Not all projects are like this but almost all will involve a lot of back and forth between the client and agency. It quite simply will never be, "make me a website and I'll pay you when it's done".

Don't expect to have a website completed in a few days (depending on the complexity of course). Every client should want the job to be done right and done perfectly. While the design may be completed every agency still needs to do numerous browser/mobile testing to ensure the website looks beautiful across multiple devices and operating systems.

Be patient, but don't be to patient. Both the agency and client should work together to set reasonable deadlines with milestones along the way.

You Get What Your Pay For.

When it comes to hiring an agency the old adage is true, you get what you pay for.
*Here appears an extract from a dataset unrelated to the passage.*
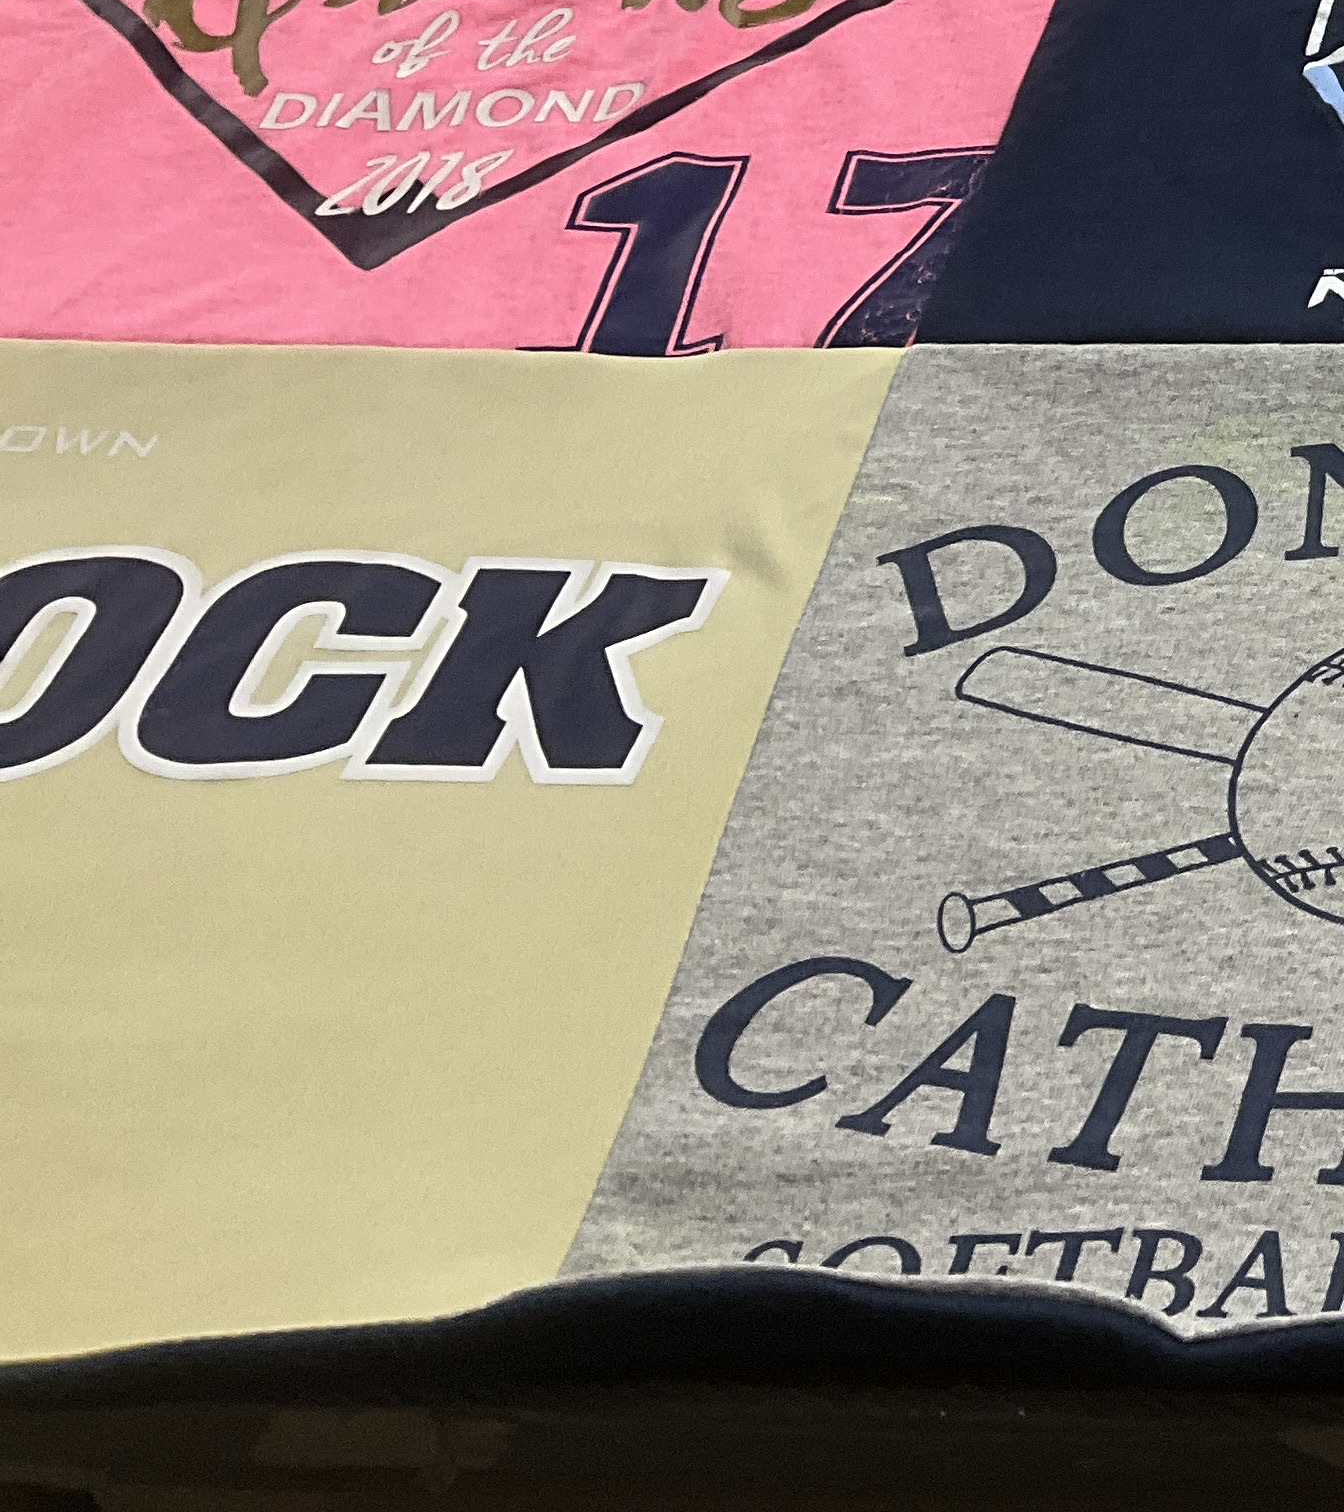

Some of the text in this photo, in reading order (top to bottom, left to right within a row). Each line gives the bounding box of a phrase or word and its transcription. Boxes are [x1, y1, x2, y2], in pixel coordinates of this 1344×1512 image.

One of the webs biggest questions it seems is how much does it cost for web design. Truthfully, there is no real answer and it can range from a used washing machine (a couple hundred bucks) to a brand new Porsche (5 to 6 figure websites).

For some it's tough to fathom paying 2000 or more for a website and while you can find opportunity out there to hire someone for less you need to remember who, or who you want to, deal with.

With local (or native speaking) agencies you won't have any communication barriers, you'll be able to meet face to face and almost certainly be able to communicate with companies they have worked with in the past.

Freelancers (and foreign freelancers) will typically be offering services at a significant discount but remember, you get what you pay for. A $300 dollar website might sound nice but it can also be a sign of quality of work (think communication, product, and completion). I've actually dealt with clients who paid full price for a website before I told them it was an $80 template and one currently being used on thousands of other websites around the world.

Working with a local agency is almost always going to be more expensive and the more established they are the higher the cost. If you have a budget set aside upwards of $2000 we urge you to work with a local agency or at least see what your options are. Peace of mind and being able to communicate face to face can make the job less stressful in the long run.

Don't nickel and dime your website, today more then ever it's the lifeblood and biggest (and most affordable) marketing tool you have at your disposal. Working with the right company to create your site, implement SEO strategies, and provide content marketing opportunities can help transform your business.